For some time now I'm using Word 2007 to write my blog posts. Which works quite well, except when it comes to source code. This is a public experiment.
This source was inserted with using a straigth copy.
[Test]
public void IsDeceased()
{
VecozoLib.ServiceWrapper sw = new ServiceWrapper();
VecozoLib.VecozoService.RetourinfoCovType data = sw.PersonData(DateTime.Parse("1-5-1945"), 141919723);
Assert.AreEqual(VecozoLib.ResultaatRaadpleging.PersoonIsOverleden, (VecozoLib.ResultaatRaadpleging) data.ResultaatcodeCOV);
}
Looks great in Word, but not that good online. The line spacing is far to great and all the indentation is gone.

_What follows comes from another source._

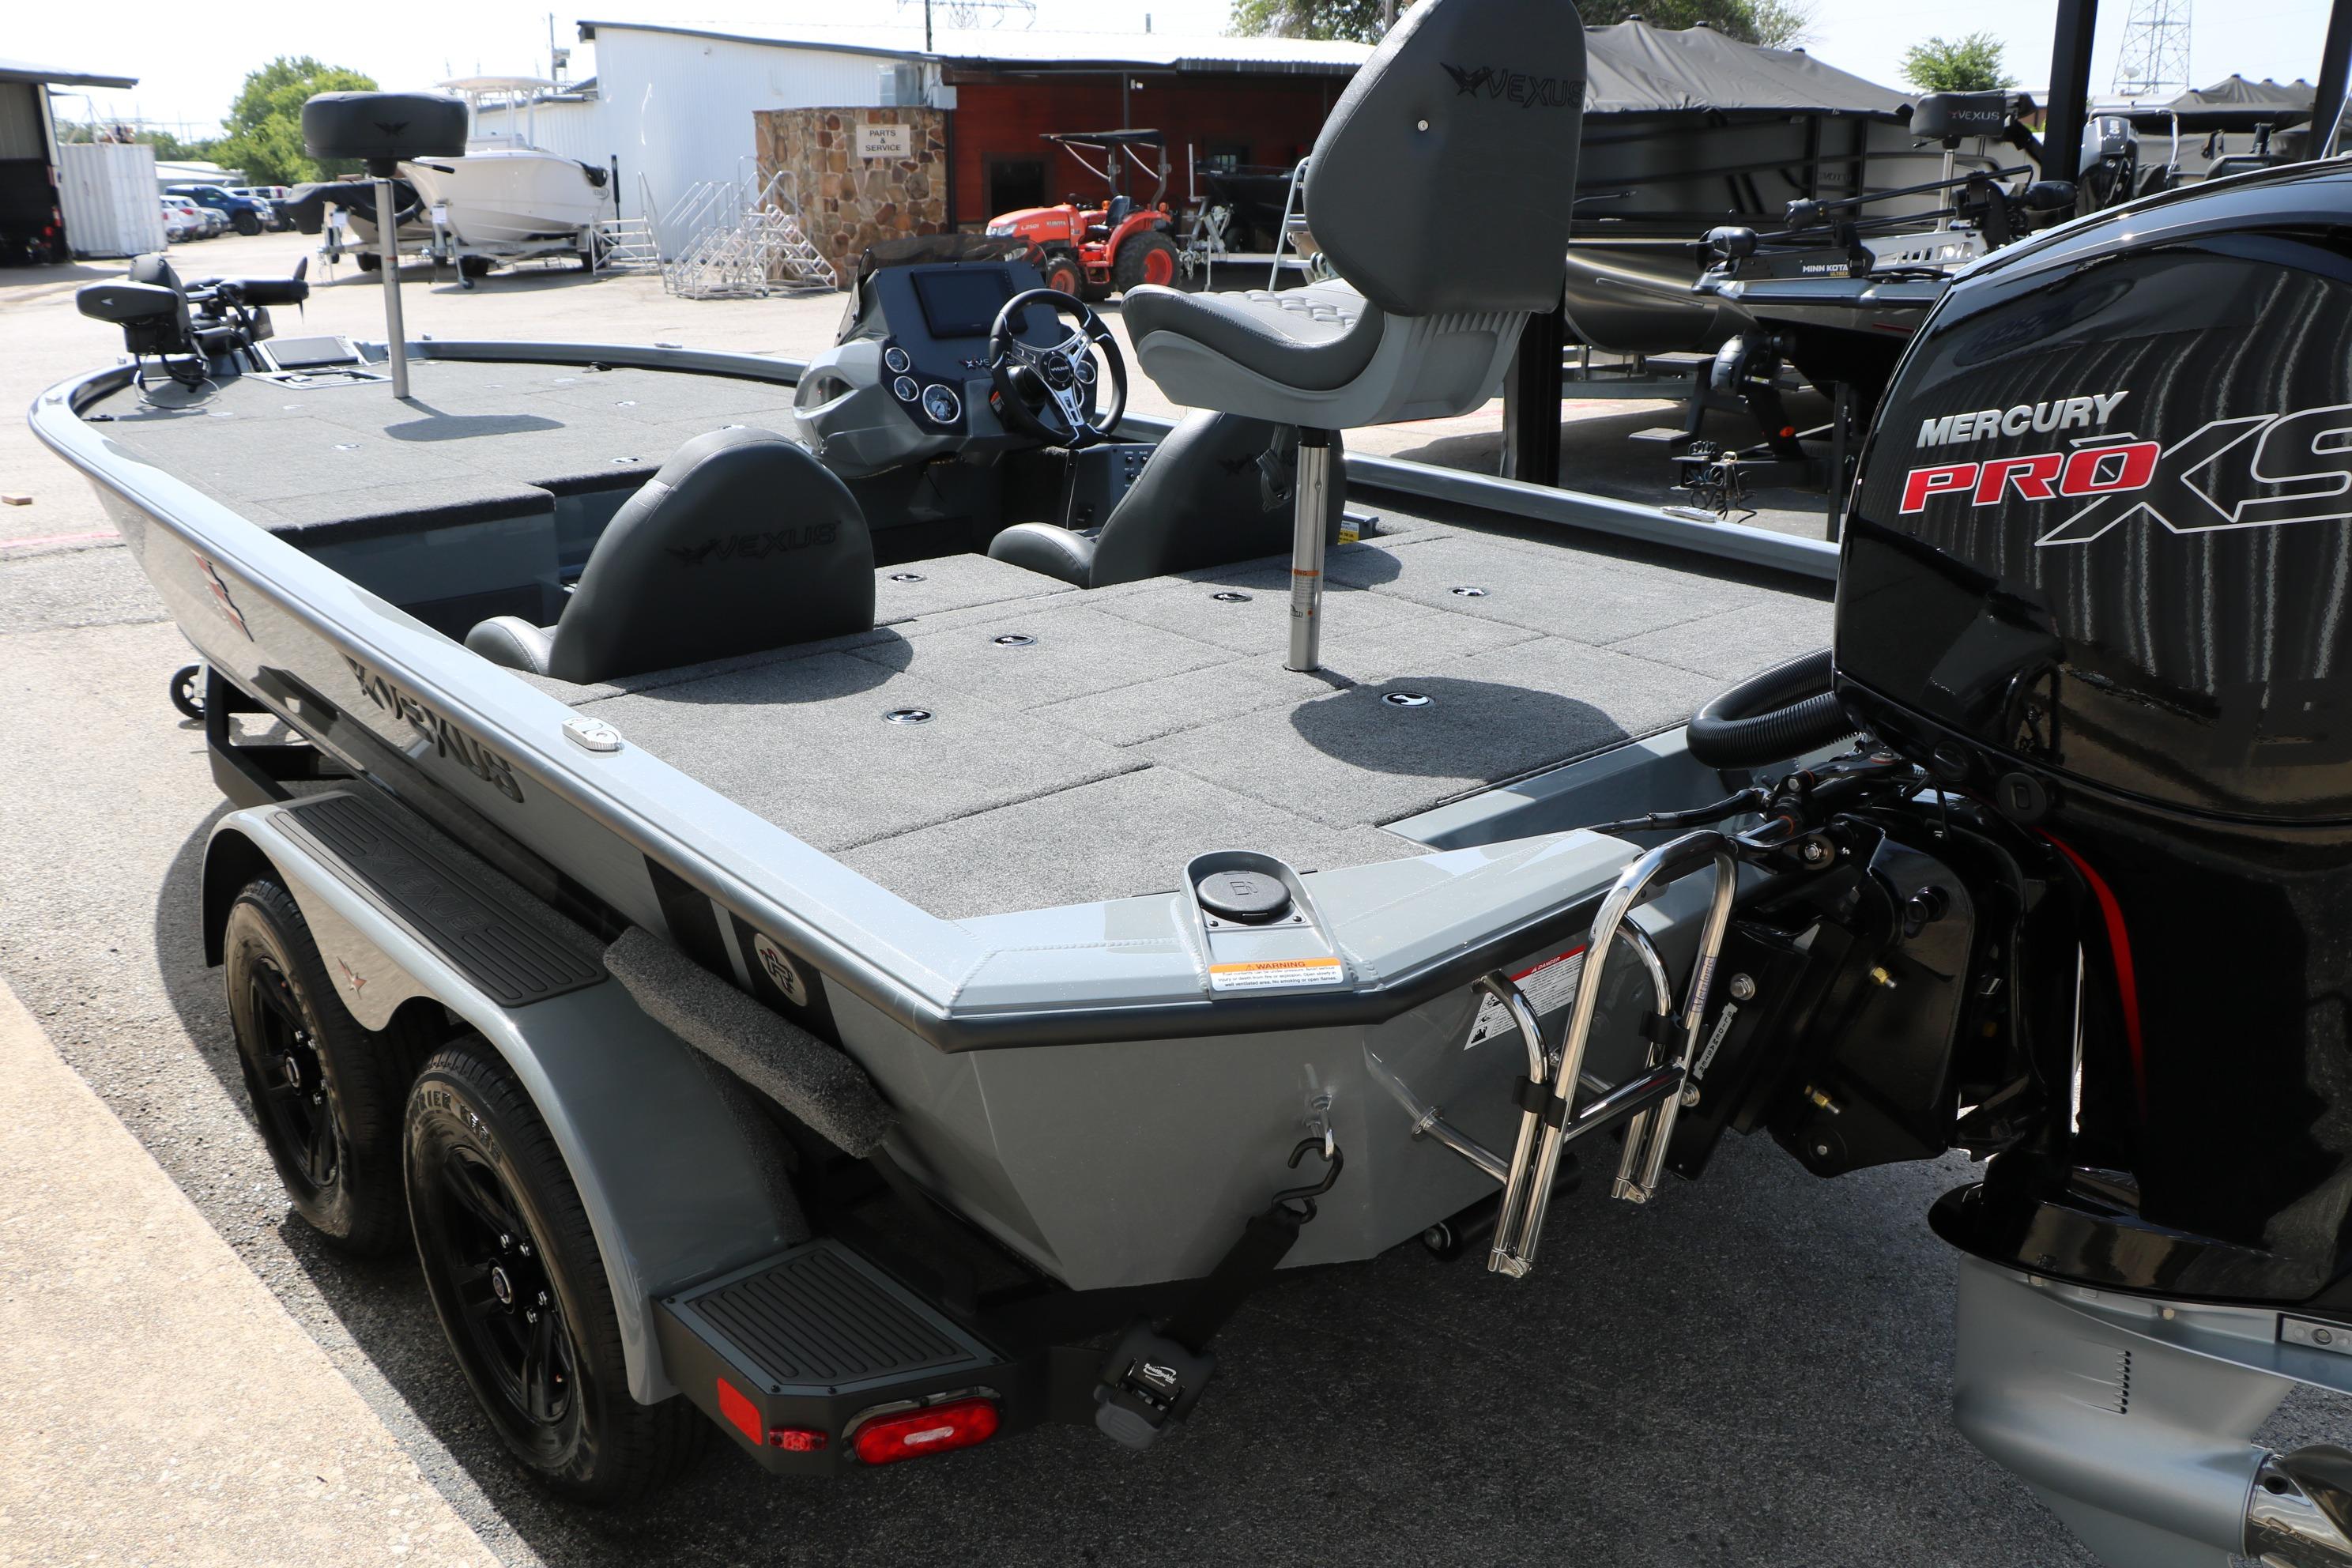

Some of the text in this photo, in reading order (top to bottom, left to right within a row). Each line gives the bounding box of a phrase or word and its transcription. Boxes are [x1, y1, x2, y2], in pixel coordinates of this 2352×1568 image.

To compare, this is the same using CopySourceAsHtml to do the copy.
[Test]
public void IsDeceased()
{
VecozoLib.ServiceWrapper sw = new ServiceWrapper();
VecozoLib.VecozoService.RetourinfoCovType data = sw.PersonData(DateTime.Parse("1-5-1945"), 141919723);
Assert.AreEqual(VecozoLib.ResultaatRaadpleging.PersoonIsOverleden, (VecozoLib.ResultaatRaadpleging) data.ResultaatcodeCOV);
}
Which does not look that good in Word, but looks better on line. The line spacing is still too big, but the indentation is preserved.
And this is CopySourceAsHtml with linebreaks stripped
[Test]
public
void IsDeceased()
{
VecozoLib.ServiceWrapper sw = new
ServiceWrapper();
VecozoLib.VecozoService.RetourinfoCovType data = sw.PersonData(DateTime.Parse("1-5-1945"), 141919723);
Assert.AreEqual(VecozoLib.ResultaatRaadpleging.PersoonIsOverleden, (VecozoLib.ResultaatRaadpleging) data.ResultaatcodeCOV);
}
Which is a mess.
Brendan pointed me to dp.SyntaxHighlighter. Since then this post keeps getting updated.
This source code formatter requires the syntaxhighligher scriptlibrary, which is available on Codebetter. For this tool to work you have to enclose the source code in a pair of tags.
<textarea name="code" class="c#" cols="60" rows="10">
... source code here ...
</textarea>
This is difficult to do in Word 2007, as you cannot directly edit the html it publishes. Just like images this requires some fiddling by hand in the HTML in the blog dashboard. I paste the source as plain text, and do the HTML fiddling in the dashboard.
Due to the "inteligence" built into the CS rich text control this can be quite a job. But as you see the result can be nice.
Word 2007 is a great blogwriter. But the downside is that it's not that good with source code and there is no way (I know) to edit specific HTML. CopyAsHtml can come in handy.